USDA: Dairy industry is evolving
Source: USDA Economic research Service
WASHINGTON, DC - Over the past two decades, the U.S. dairy industry has evolved, with fewer dairy farms producing more milk. This raises questions about how dairy farms have changed in size, diversification, location, use of advanced technology, and cost of production.
Questions also arise about economies of scale in the dairy industry and the structure of larger versus smaller dairy farms. Shifts in the location of milk production lead to questions about how dairy farm size, diversification, use of technology, and cost of production differ by U.S. region.

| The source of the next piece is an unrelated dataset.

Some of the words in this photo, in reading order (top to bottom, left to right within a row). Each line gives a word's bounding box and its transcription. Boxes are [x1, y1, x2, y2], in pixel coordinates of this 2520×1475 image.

The study found that dairy farms in the Western US were more likely to have larger herds of dairy cows as well as advanced technology on the farm. Image Credit USDA ERS
This report addresses issues of how the dairy farm structure has changed over the past two decades and how the structure differs by size of the operation and by U.S. region.

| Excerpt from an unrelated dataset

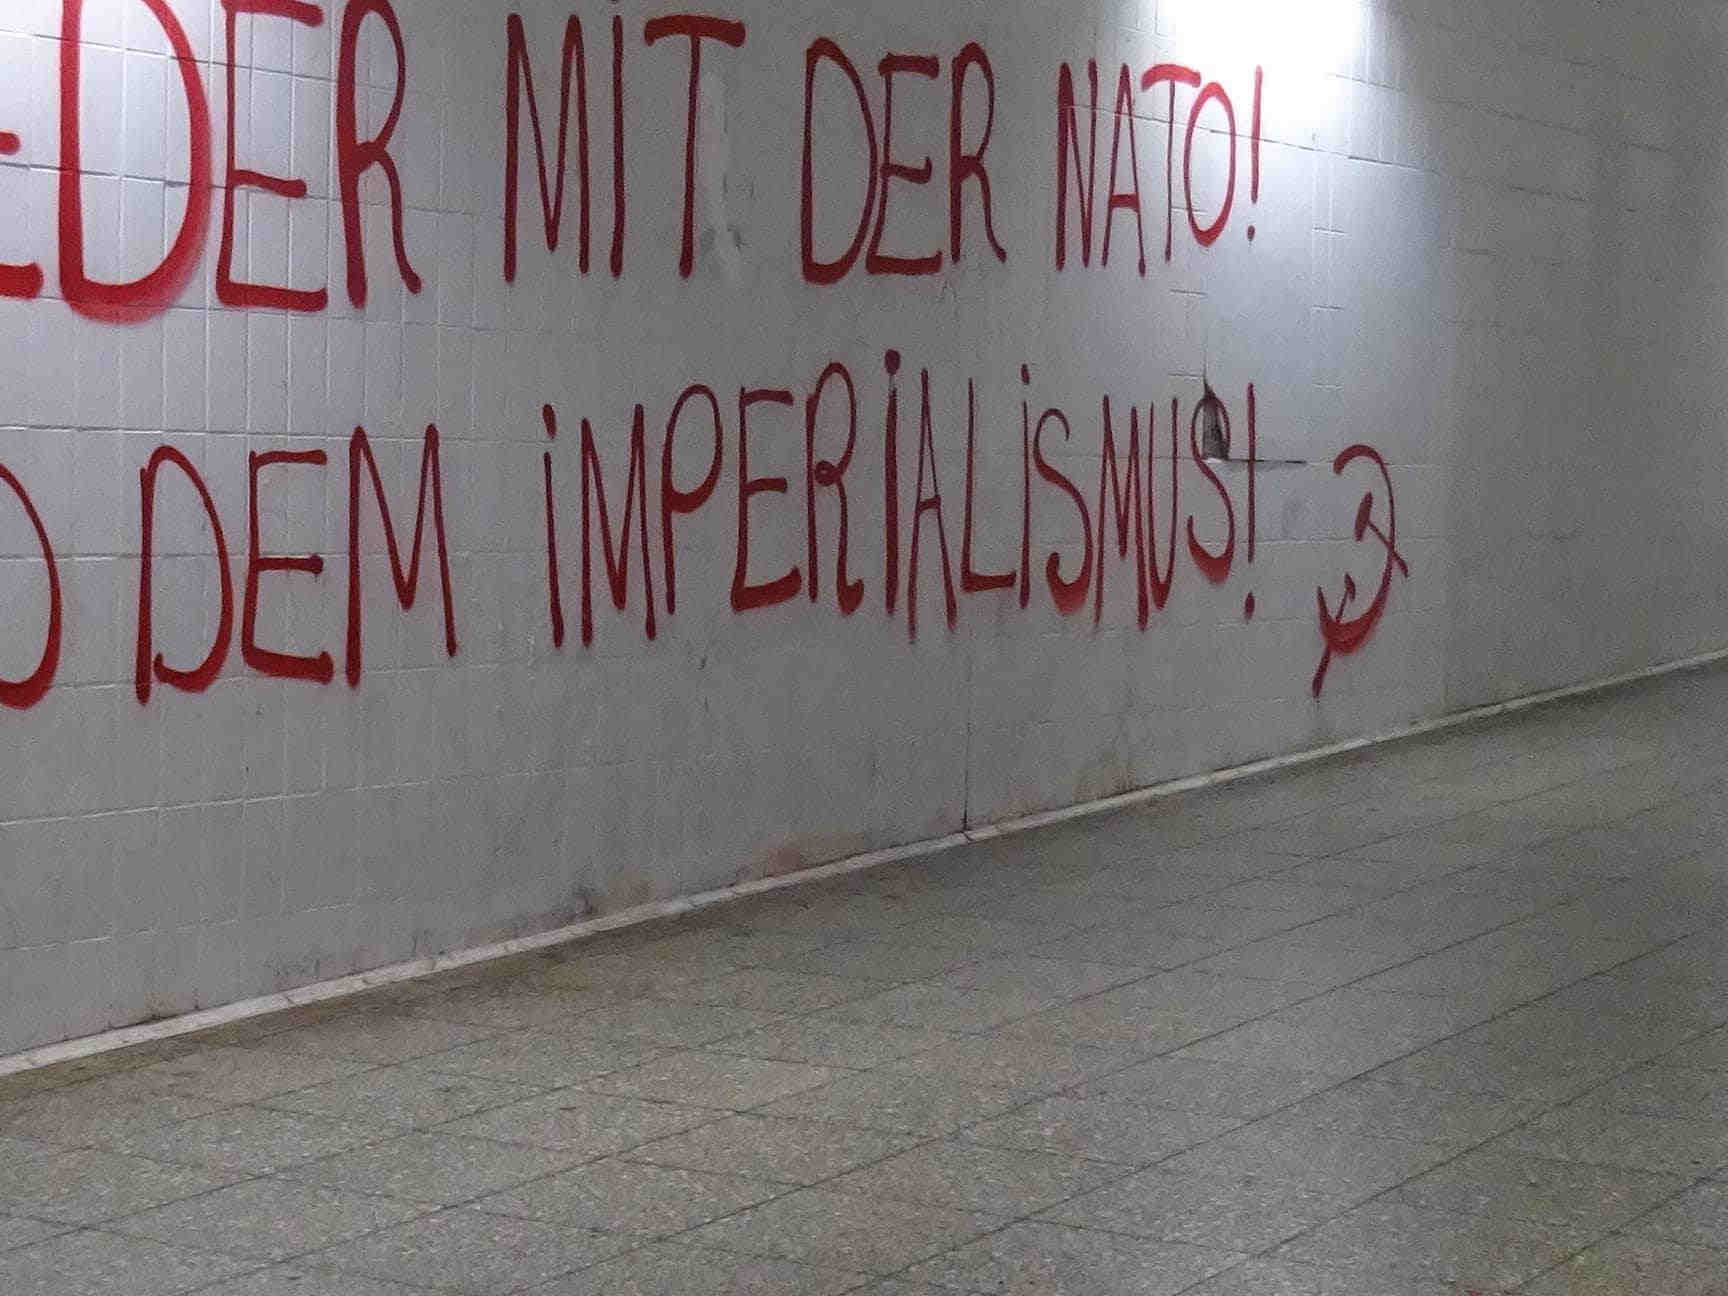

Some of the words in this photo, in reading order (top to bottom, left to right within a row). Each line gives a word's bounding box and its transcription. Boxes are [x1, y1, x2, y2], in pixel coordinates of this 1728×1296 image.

[800, 36, 1007, 286] DER
[1056, 58, 1265, 271] NATO!
[133, 422, 461, 706] DEM

Highlights of the study findings include:
• Consistent with long-term trends, the number of U.S. dairy farms has fallen (while milk production has risen), with larger dairy farms emerging that produce more milk per cow. The number of farms with fewer than 1,000 cows has fallen, while the number of farms with 1,000 or more cows has risen over the past two decades.

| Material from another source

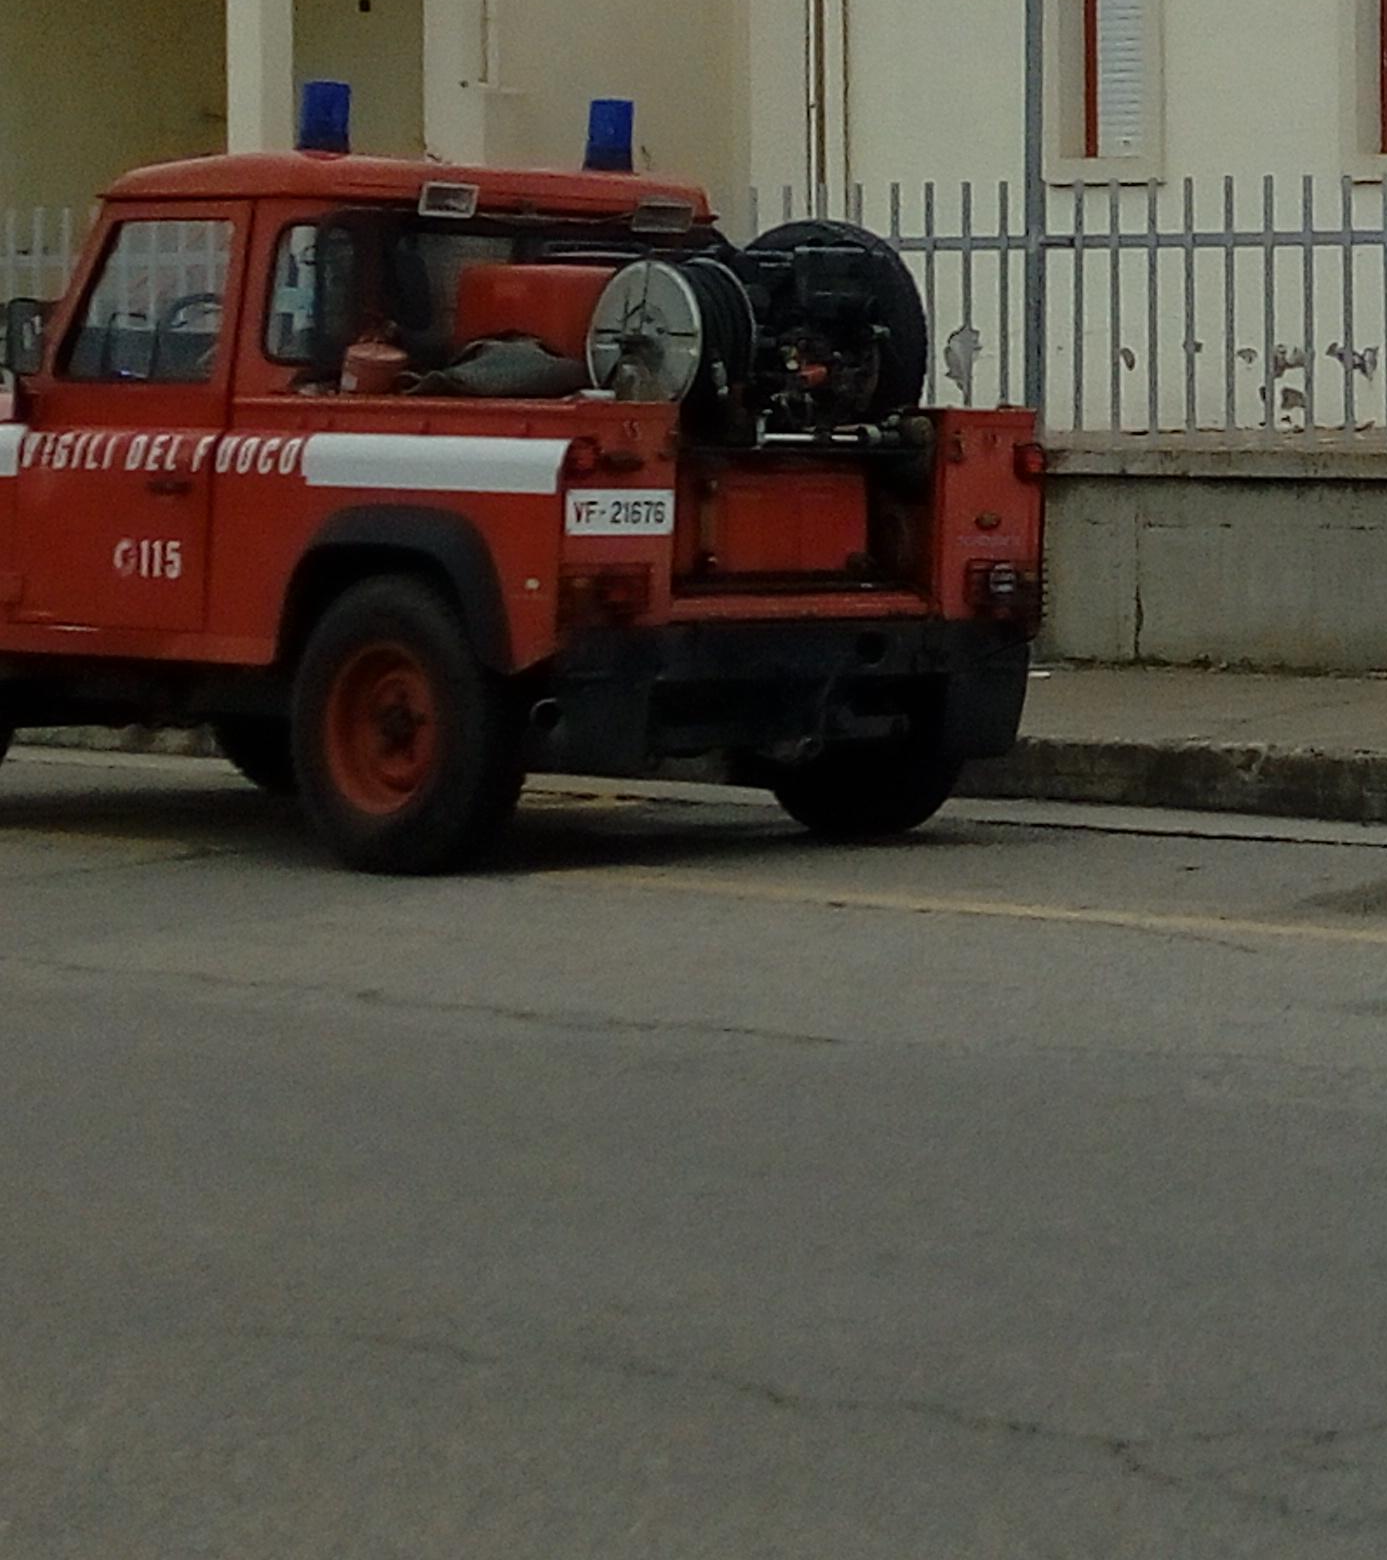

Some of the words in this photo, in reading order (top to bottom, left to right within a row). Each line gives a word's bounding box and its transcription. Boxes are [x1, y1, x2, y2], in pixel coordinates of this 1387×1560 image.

[22, 431, 122, 470] VIGILI
[124, 434, 184, 471] DEL
[191, 435, 302, 475] FUOCO
[140, 540, 181, 579] 115

• Moderate shifts in the location of dairy farms occurred between 2002 and 2022, with Texas and Idaho gaining production share and California losing production share.
• Dairy farm usage has trended upward for several advanced technologies, management practices, and production systems: automatic take-offs, computerized milking systems, use of a milking parlor, and milking cows three or more times daily. The use of bovine somatotropin (bST) has decreased.
• Over the period 2000–22, the average U.S. dairy farm covered operating costs in most years, operating and ownership costs in about half of the years, and total economic costs in only 2 years.
• Relative to smaller dairy farms (those with fewer cows), larger dairy farms in 2021, on average: (1) were more specialized in dairy production; (2) were greater adopters of most advanced technologies, management practices,and production systems; (3) had lower total costs per unit of milk sold (due primarily to lower ownership costs of buildings and equipment, and lower unpaid labor costs); (4) had higher purchased feed costs, lower homegrown feed costs, and lower grazed feed costs per unit of milk sold; and (5) had higher paid labor costs relative to unpaid labor costs per unit of milk sold.
• In 2021 (relative to eastern U.S. dairy farms), western U.S. dairy farms: (1) were generally larger, more specialized in dairy production, and more likely to use advanced technologies, management practices, and production systems; (2) on a per unit of milk sold basis, tended to incur lower ownership costs and lower total economic costs; and (3) depended more on purchased feeds and less on homegrown feeds.